From
B.C. to Star Wars, that's where I was taken as I awaited the programming of my car's spare key. 'Ellen,' a
vital "87 years old," sat down in the plastic chair beside me. "That thing a computer?" she demanded, pointing at my iPad. I acceded. She held out a newspaper
and pointed at the crossword: "Who wrote the cartoon, B.C.?" I typed
in the phrase, and J. Hart immediately showed. "Of course," she
stated, "I knew that," and her story began.
Children
are “doomed”. Society is doomed. "Glad I have no grandchildren!"
Neither of her two sons had had children, and the one had been married 25
years!
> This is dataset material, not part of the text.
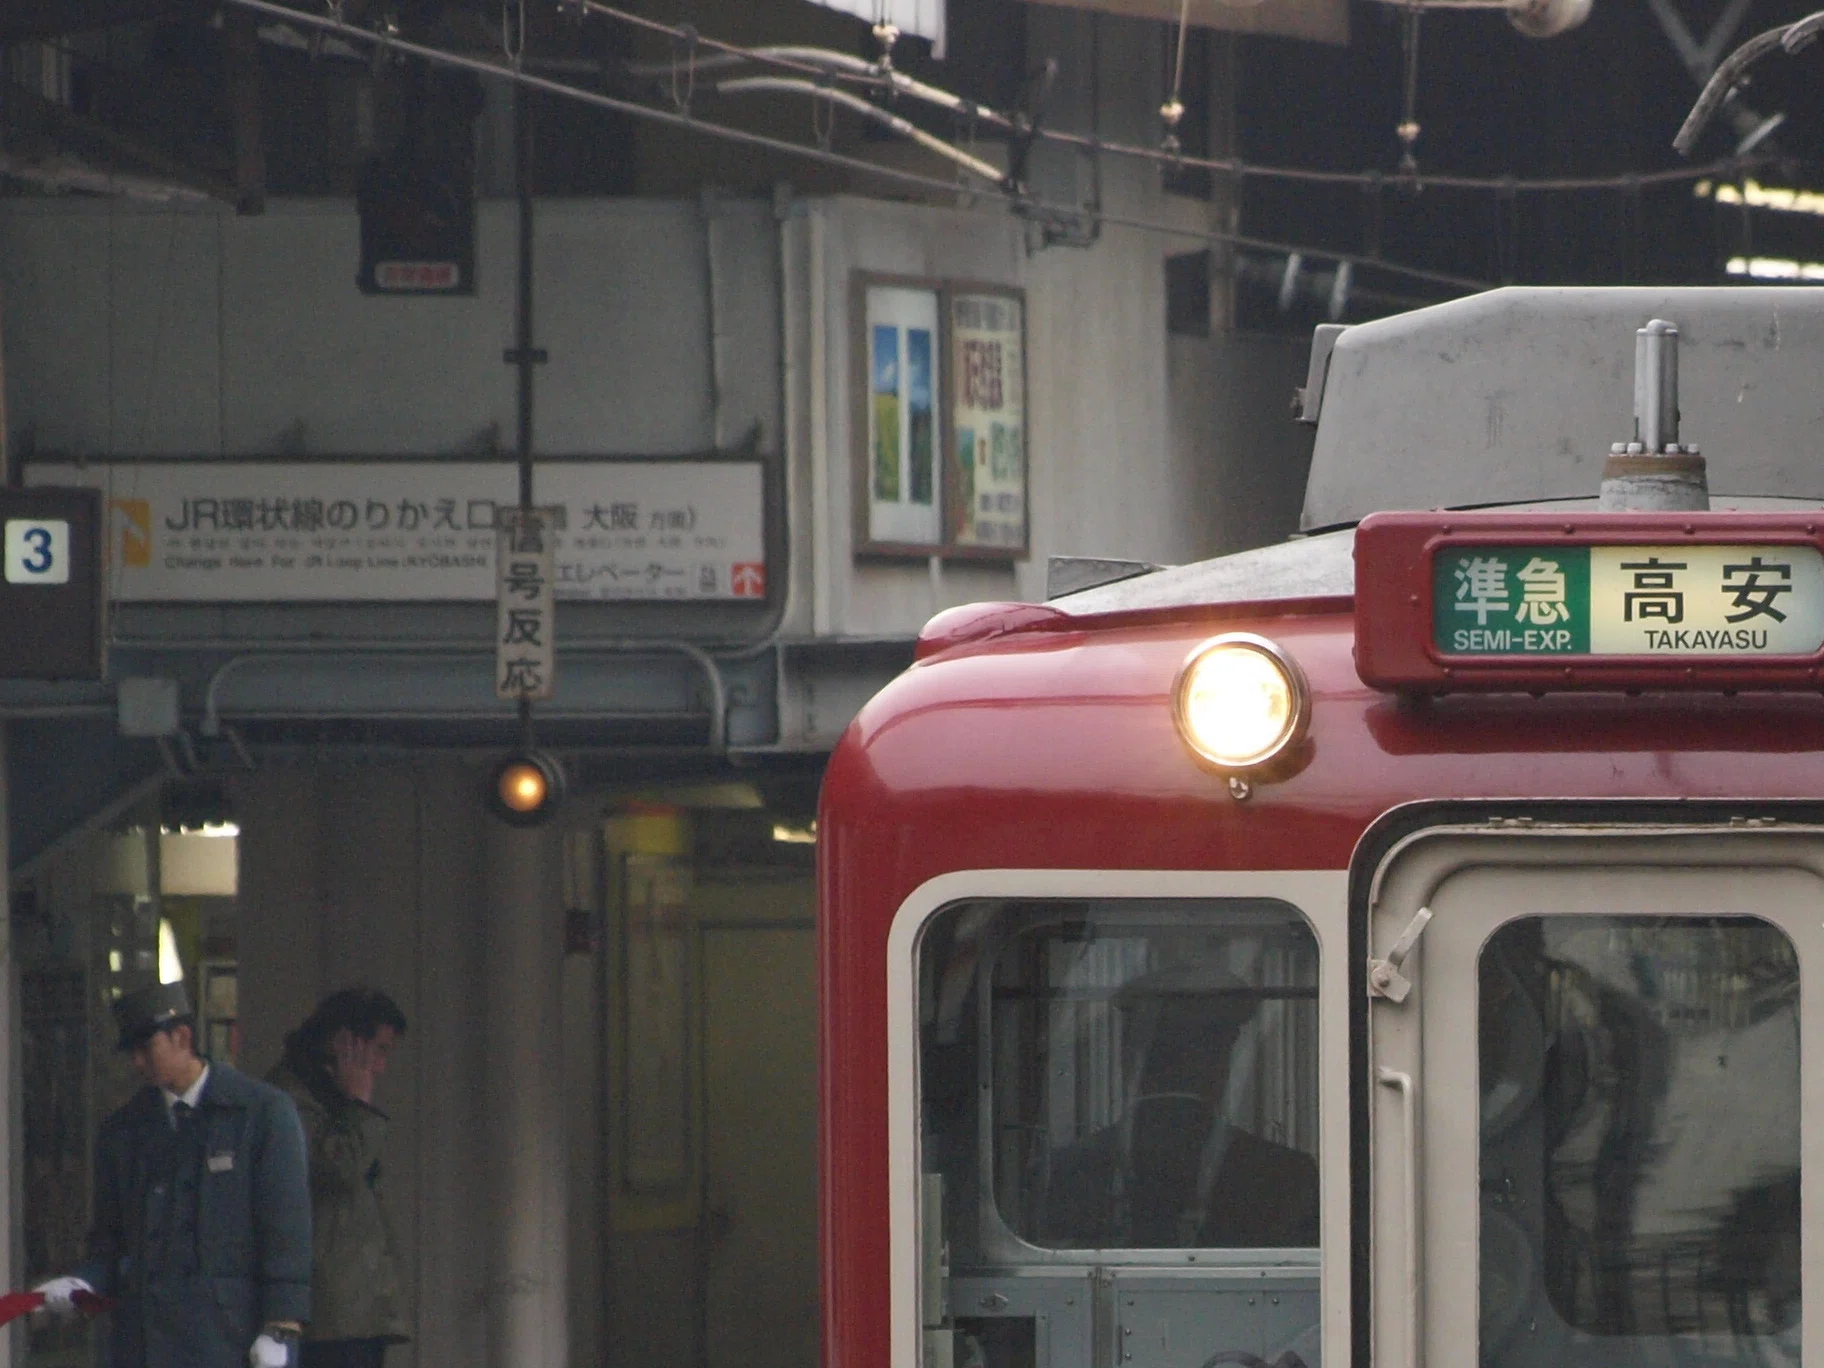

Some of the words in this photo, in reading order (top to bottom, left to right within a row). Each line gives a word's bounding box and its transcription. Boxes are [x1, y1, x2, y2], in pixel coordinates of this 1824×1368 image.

The "impending Cascade Plate earthquake"; the "xenophobic
reactions" to “global take-overs (I have a big Oxford dictionary at my desk,
as well a little upstart one" she averred); and the inability "anymore"
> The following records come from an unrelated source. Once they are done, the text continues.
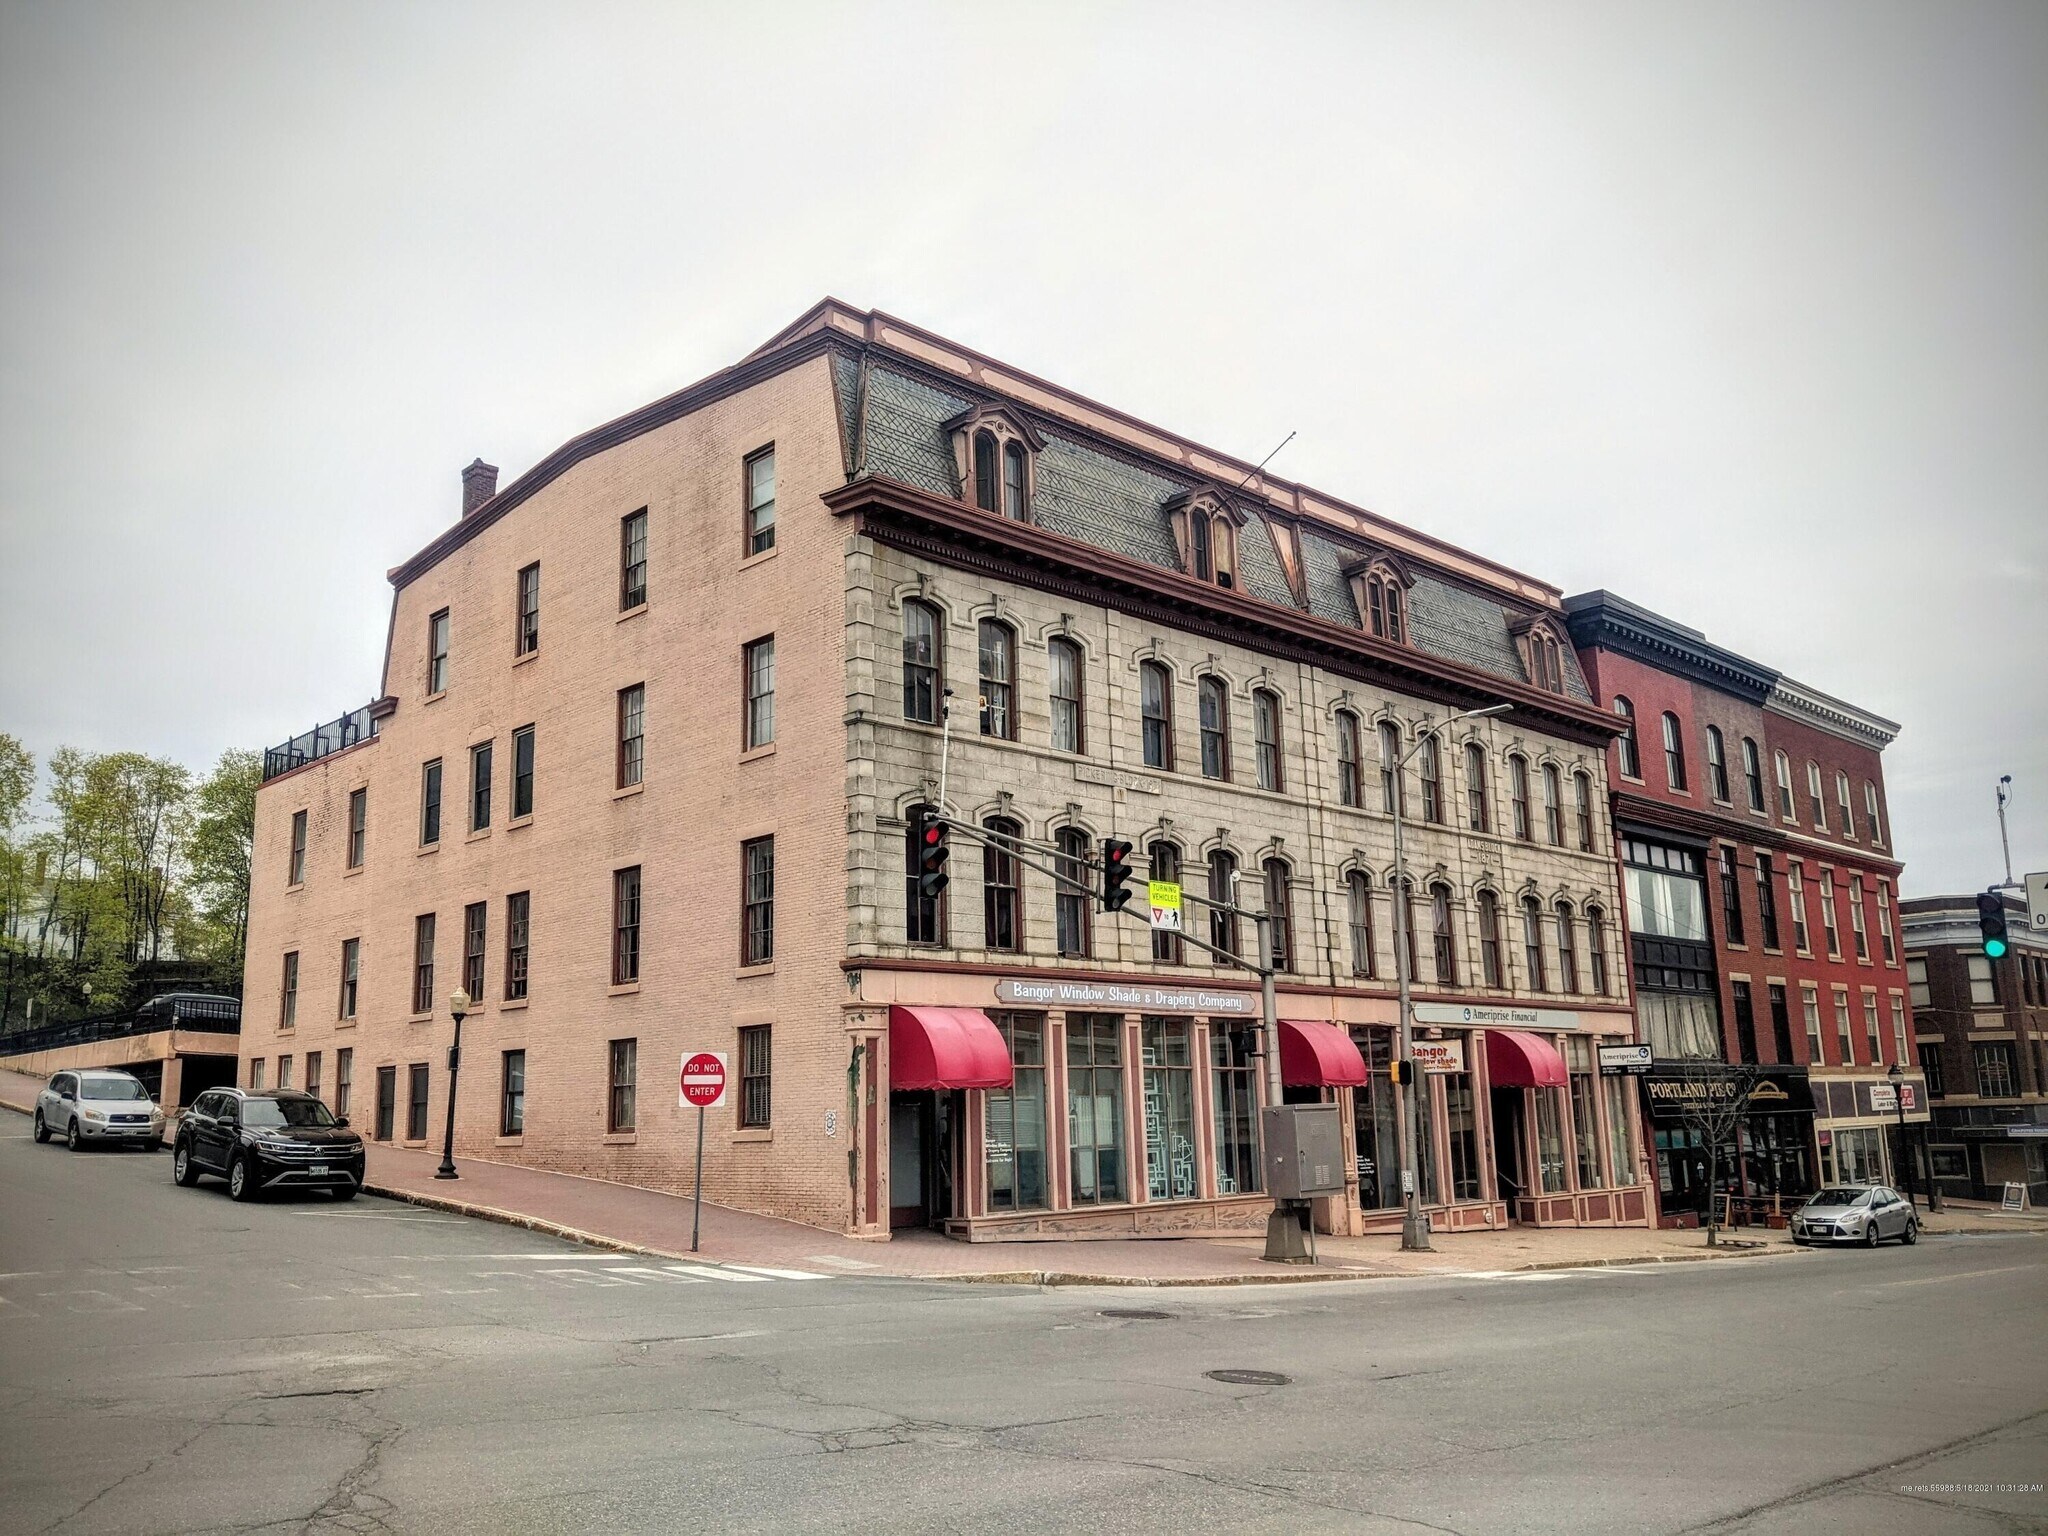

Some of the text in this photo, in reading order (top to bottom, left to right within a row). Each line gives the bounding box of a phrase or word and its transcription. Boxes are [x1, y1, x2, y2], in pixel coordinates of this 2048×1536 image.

[1153, 883, 1177, 893] TURNING
[1152, 892, 1178, 903] VEHICLES
[1013, 982, 1055, 1001] Bangor
[1059, 985, 1104, 1000] Window
[1109, 986, 1141, 1003] Shade
[1155, 991, 1196, 1008] Drapery
[1199, 993, 1242, 1011] Company
[1473, 1008, 1538, 1023] Ameriprise Financial
[1411, 1046, 1447, 1059] Bangor
[688, 1064, 719, 1072] DO NOT
[690, 1087, 715, 1095] ENTER
[1648, 1083, 1706, 1098] PORTLAND
to leave doors open; "to allow children to go play outside"; all of
it, conspired to impel the future to doom.
The
keys to longevity and health lie in vitality. One readily intuits that much.
Thing is, in the intermittent periods between our years, between paradigm
shifts, between leaving one room and entering another (where 'waiting is like
silent action' as we may take on someone else's words, ideas, ideology,
contentions), there can be days, weeks, years. It is in retrospect that one
sees the chronology of another's life as seamless. ‘Ah, your husband fought in
the Second World War while you were a WAC, in the women's army corps. And then
this happened, and then that.’
Our
own lives may seem too trivial on this petty path from day to day. The hurtle
from home to work ("compared to the old days"); the sheer volume of
media coursing through our senses (compared to a time when “a single newspaper
was precious”); the incredible ease with which we divorce and remarry and blend
families and "expect everything to be given to us, well, life is just not
what it used to be! Nowadays we lock up everything!” Yes, we lock ourselves inside
the cages we make for ourselves. We lock ourselves inside our heads. “Yes, we lock
up our hearts! We are selfish and myopic and moribund! ... Now then, there's a
word for you to look up!"
There
are Facebook placards of 'Life Back When it was Simpler'. There are youngsters,
even now, who agree that our world is doomed. The issue is one of
"preponderance". (She twinkles at me: "See," she exclaims,
"I love my dictionary!") Eight billion people "are suffocating
our planet. All those cars! All those mouths to feed!" (She leans in
closer, looks about to ensure no one is overhearing,) ... "All those
toilets! Euw! ... And ne'er you mind the extraterrestrials!"
My
wife and stepson have lunch with me (about a week after my typing these first
five paragraphs) and we choose a spot by the window, where it's quiet. We've
not been together for several months, and we look forward to a pleasant
conversation. But the workmen arriving at a nearby drink-less fountain commence
drilling and pounding and hammering and yammering, and the din is so great that
we, and others at nearby tables, raise our voices too. Interestingly, Keith, at
31, says he hardly notices it. But it is enough for Linda and I to seek
relocation.
Intrusion
has many guises. The neighbour's knock. The car passing by. The telephone
jangle. The new beeps from the computer. The stranger who engages. We lock
ourselves away, or not. And the key to it all (if peace be 'it'), the key is
certainly not necessarily ‘vitality’. Vitality can have one moving and being
grumpy and being disturbed, even in our longevity. We each have hidden clauses;
(and Jo and Hari see things in us neither of us sees). No, the key to peace is
to accept, to change what one can, and to let the rest go. Life unlocks itself.